Southern California unwinds like a filmstrip

Unreels when we cross the border in the mint green Edsel

Men run into the street to meet my father and meLe

Wave their arms and say, “Senor! Senorita!”

He gets out to make a deal

Fifty dollars for new upholstery

Twenty for a new set of rims

He ends with a joke about us getting married

They laugh. I look at the ground.

On the street I look at the pinatas and sombreros

Embroidered with the name of the city

Serapes woven with yarn in colors not found in nature

My father sees a purse like his cowboy boots,

Ostrich skin with dimples where their feathers were plucked

Like the pimples pushing through my skin

And the hairs above my lip that I’m starting to pull out with

Tweezers like tiny forceps.

He sees me eyeing a silver bracelet inset with abalone flowers

Says to the cashier, “She’ll take this one,”

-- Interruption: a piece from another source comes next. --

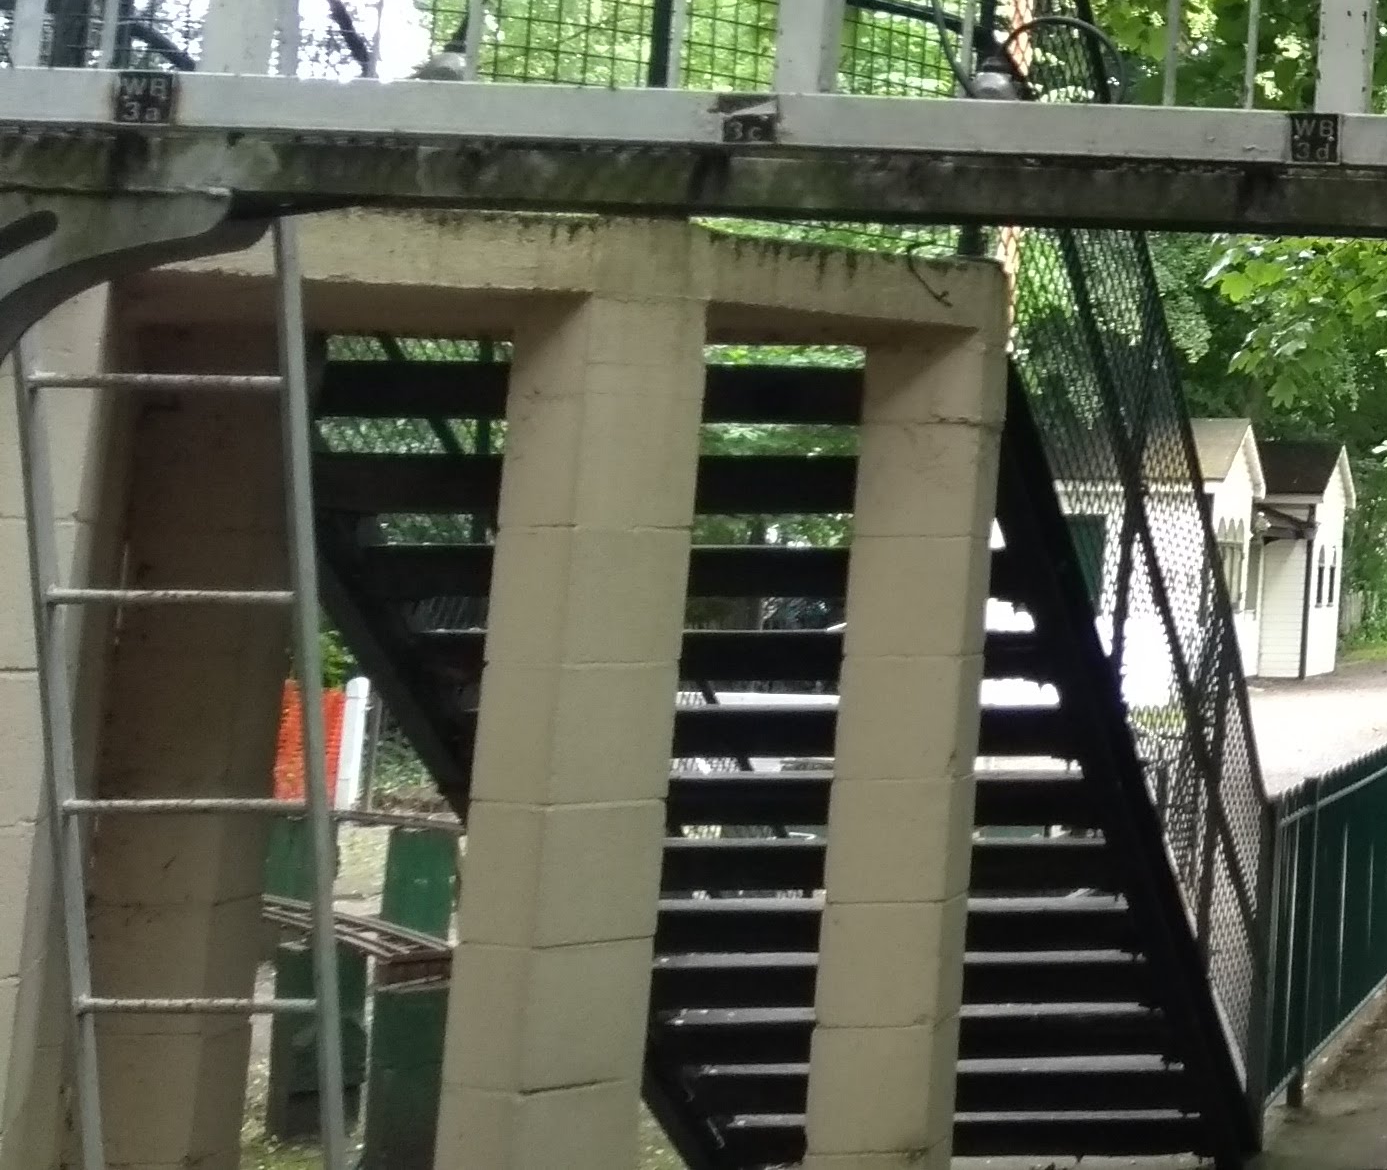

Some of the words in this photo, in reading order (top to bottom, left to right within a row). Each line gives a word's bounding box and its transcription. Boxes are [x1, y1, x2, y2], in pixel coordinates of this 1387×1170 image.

Slams it on the glass counter

I flinch

He pays for it

Clamps it to my wrist.

We walk past darkened bars

Disinfectant wafting from open doors

But my father buys his tequila on the street

Where we eat tacos full of meat and beans

Let the juice dribble into the wrappers and down our arms

And don’t speak.

Going back we see a man

With no hands and no feet

He sits on a cart with a can that says, “Please”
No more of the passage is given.